Intratumour T cells, their activation status and survival in gastric carcinomas characterised for microsatellite instability and Epstein-Barr virus infection.

Gastric carcinomas (GCs) with high microsatellite instability (MSI) or an Epstein-Barr virus (EBV) infection are prevalently poorly differentiated adenocarcinomas with abundant lymphoid infiltration. The aims of the study were to clarify (1) if tumour-infiltrating lymphocytes (TILs) and cytotoxic-activated TILs are associated with a better clinical outcome in patients with GCs characterised for the presence of MSI and EBV; (2) if the nature and the activation status of TILs are involved in tumour cell apoptosis, evaluated using the M30 antibody, directed against a fragment of cytokeratin-18 caspase-cleaved during early steps of epithelial cell apoptosis. The immunophenotype of TILs and the tumour cell apoptosis were analysed with immunohistochemistry in 96 GCs, including 35 MSI GCs, and 61 GCs without MSI [microsatellite stable (MSS)], 17 of which were EBV+. MSI and MSS/EBV+ GCs displayed a significantly higher mean number of cytotoxic-activated TILs and apoptotic tumour cells than MSS/EBV- GCs (CD8+ TILs/HPF, 21.7 and 69.6 vs 6.4; T-cell intracellular antigen (TIA)-1+ TILs/HPF, 16.7 and 32.05 vs 5.2; granzyme B+ TILs/HPF, 7.5 and 8.6 vs 0.8; perforin+ TILs/HPF, 5.9 and 9.2 vs 0.9; and M30 IR tumour cells, 5.9 and 2.9 vs 2.3%).
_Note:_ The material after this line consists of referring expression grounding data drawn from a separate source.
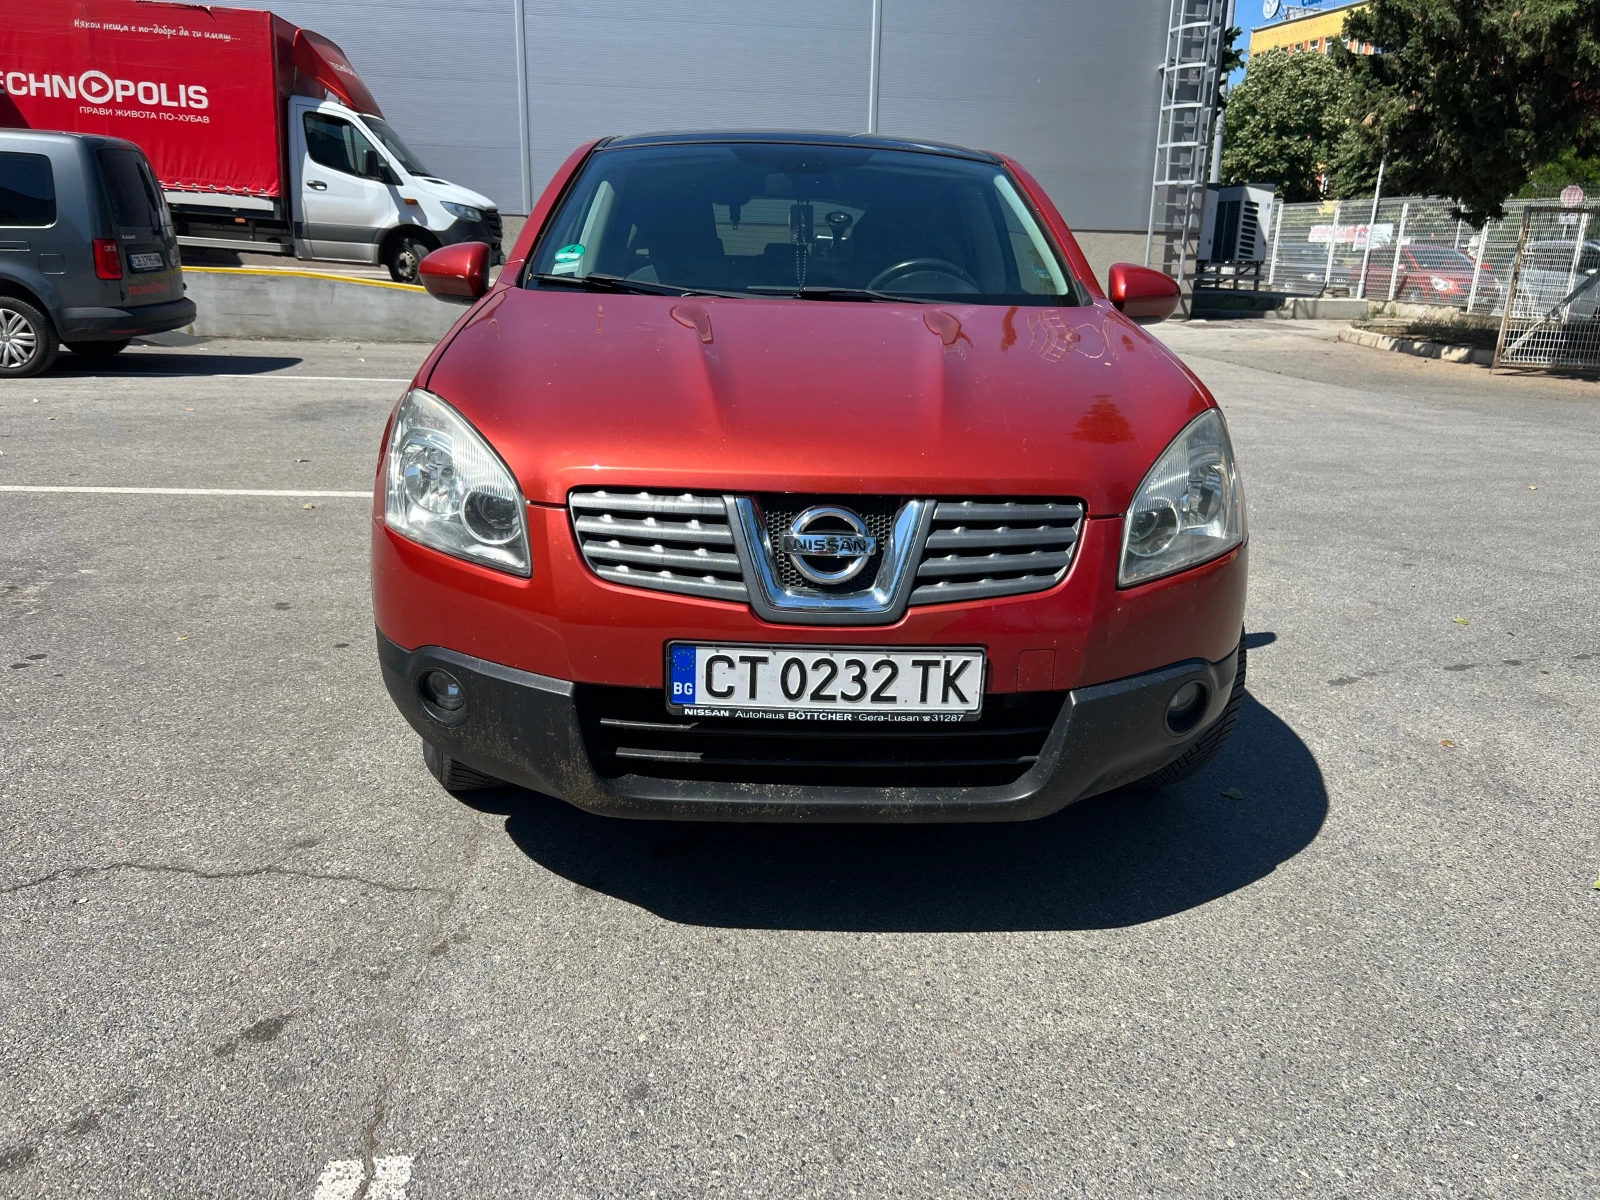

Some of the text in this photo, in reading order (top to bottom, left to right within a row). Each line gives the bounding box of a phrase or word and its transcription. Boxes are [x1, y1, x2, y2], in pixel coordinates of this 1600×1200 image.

[74, 18, 101, 29] Някои
[103, 22, 129, 32] неща
[138, 24, 177, 39] по-добре
[178, 26, 189, 37] да
[0, 70, 209, 110] CHNOPOLIS
[79, 106, 210, 124] ПРАВИ ЖИВОТА ПО-ХУБАВ
[566, 245, 577, 254] 4
[793, 538, 867, 552] NISSAN
[704, 654, 972, 704] CT 0232 TK
[673, 682, 693, 696] BG
[684, 708, 964, 722] NISSAN Autohaus BÖTTCHER Gera-Lusan 31287
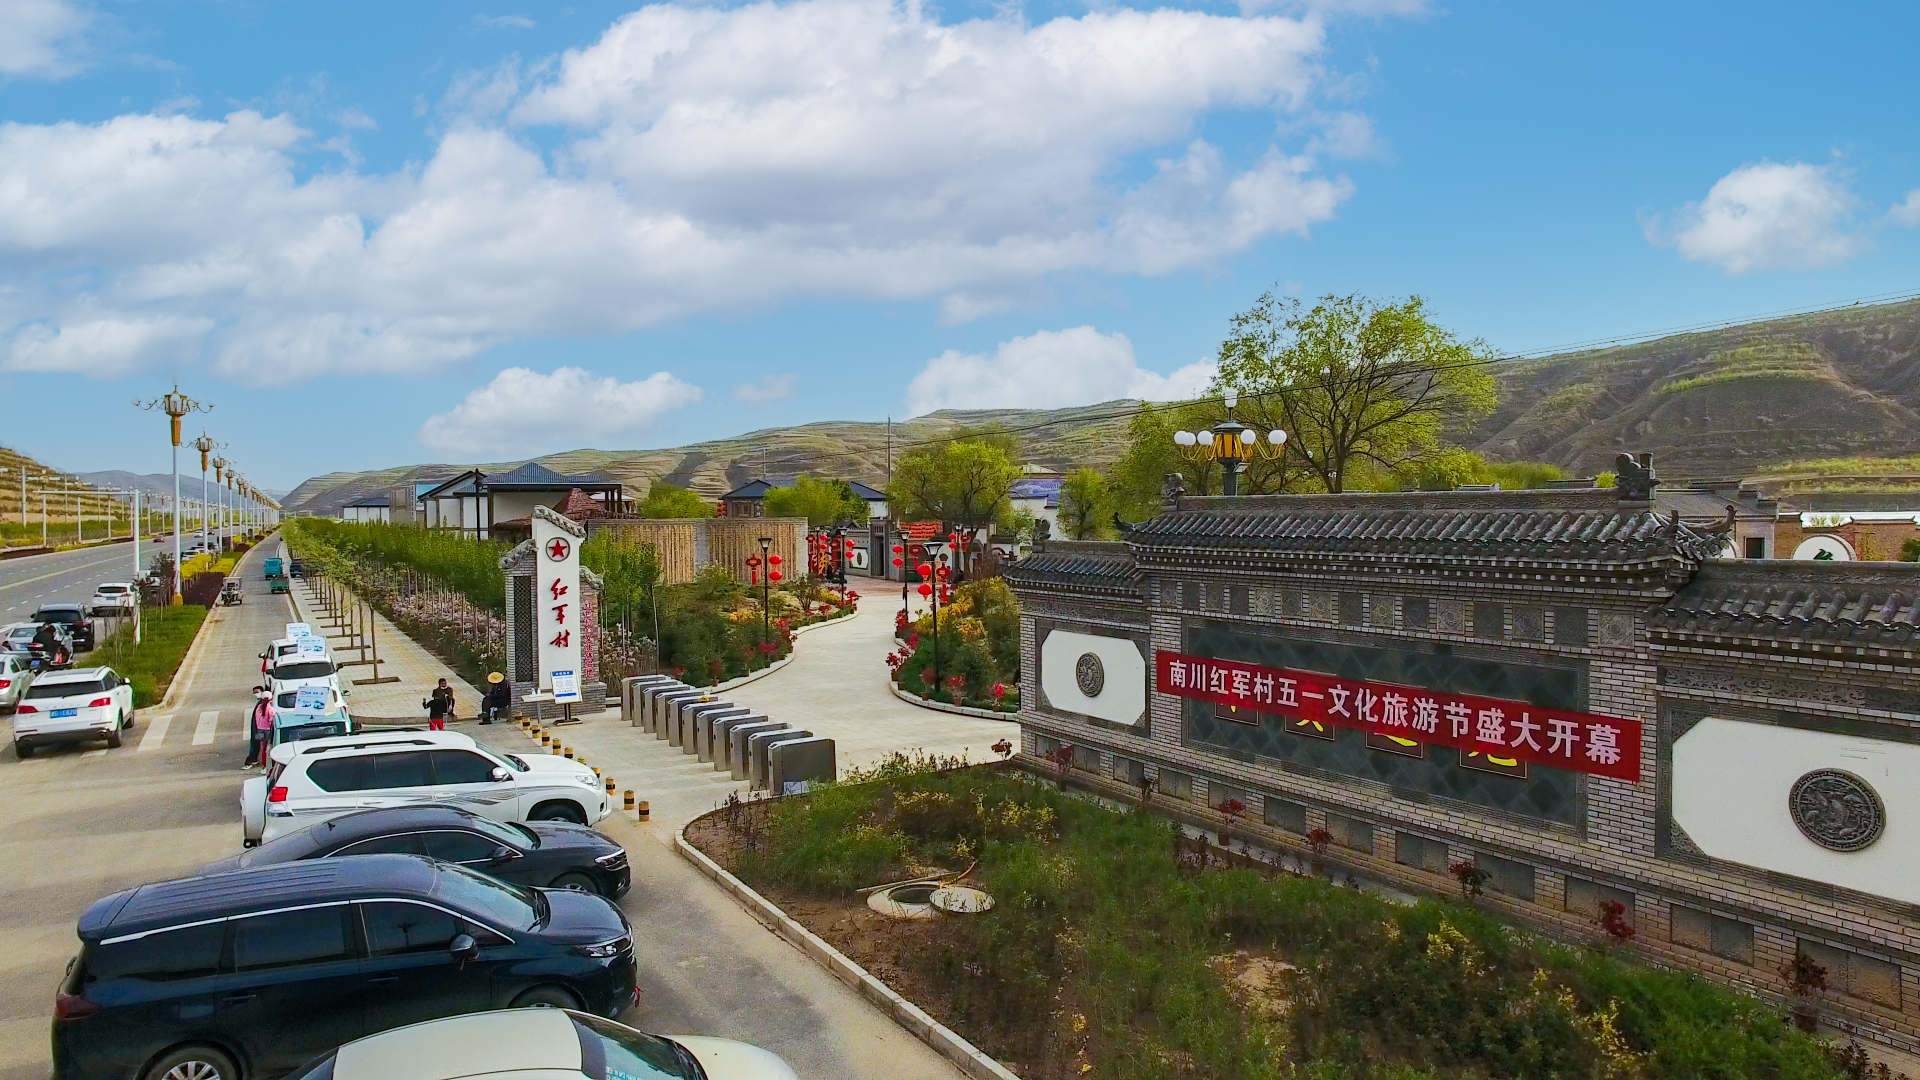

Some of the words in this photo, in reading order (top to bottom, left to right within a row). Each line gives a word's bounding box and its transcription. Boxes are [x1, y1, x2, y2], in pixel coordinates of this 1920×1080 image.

[550, 577, 571, 648] 红军村
[1166, 659, 1621, 765] 南川红军村五一文化旅游节盛大开幕
In addition to the most reliable clinico-pathological parameters (lymph node status, depth of tumour invasion and tumour stage), a univariate analysis showed that the presence of CD3+ TILs higher than 14.9 (p=0.01), CD8+ TILs higher than 9.5 (p<0.05) and MSI (p=0.02) were associated with better overall patient survival. Using a Cox regression model, only a high number of CD3+ TILs (p=0.02) and a low tumour stage (p=0.00001) were identified as independent prognostic factors. In conclusion, our study demonstrates that a high number of CD3+ and CD8+ TILs is a characteristic of MSI- and EBV-associated GCs and represents a favourable prognostic factor, independently of the pathogenesis of GCs.